──────── Records provided ────────

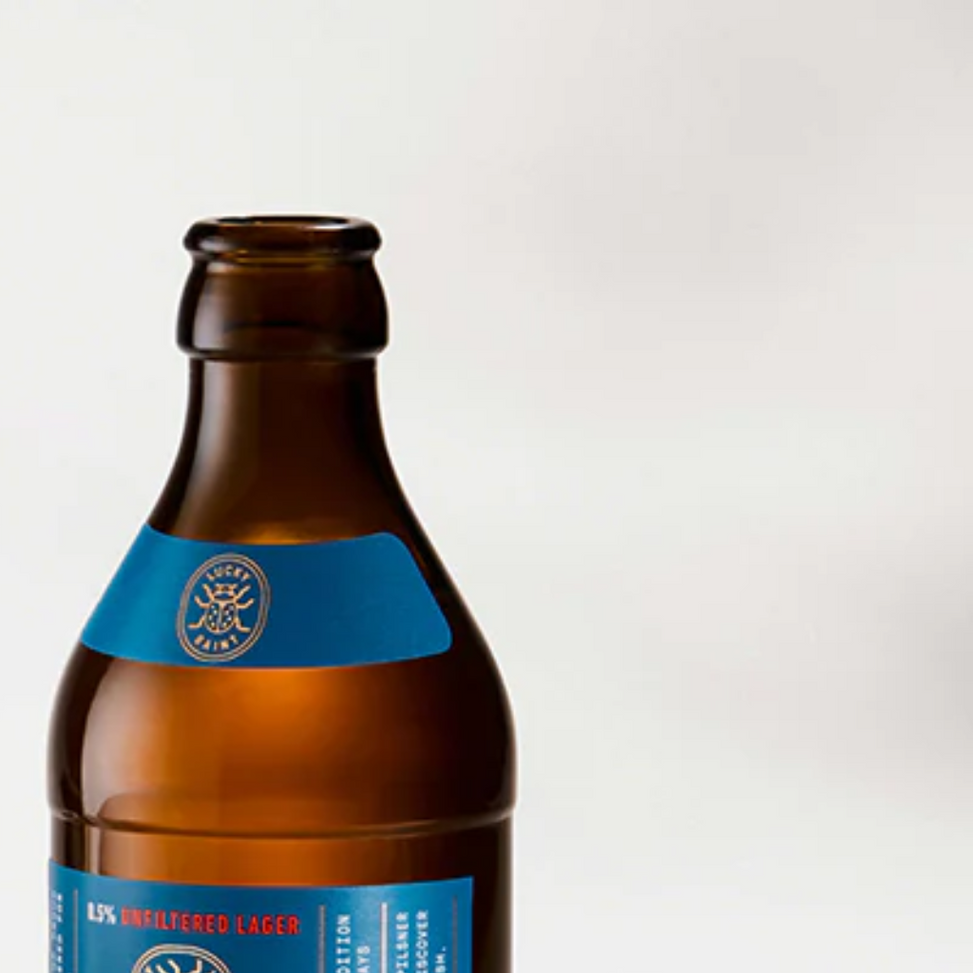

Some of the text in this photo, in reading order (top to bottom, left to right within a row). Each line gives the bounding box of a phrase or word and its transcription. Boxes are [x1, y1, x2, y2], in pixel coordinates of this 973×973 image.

[205, 564, 250, 581] LUCKY
[195, 634, 238, 650] SAINT
[121, 906, 229, 935] UNFILTERED
[236, 914, 301, 935] LAGER

────────

Please set down each line of the data above exactly as written, without the pictures.

Some of the text in this photo, in reading order (top to bottom, left to right within a row). Each line gives the bounding box of a phrase or word and its transcription. Boxes are [x1, y1, x2, y2], in pixel coordinates of this 973×973 image.

[205, 564, 250, 581] LUCKY
[195, 634, 238, 650] SAINT
[121, 906, 229, 935] UNFILTERED
[236, 914, 301, 935] LAGER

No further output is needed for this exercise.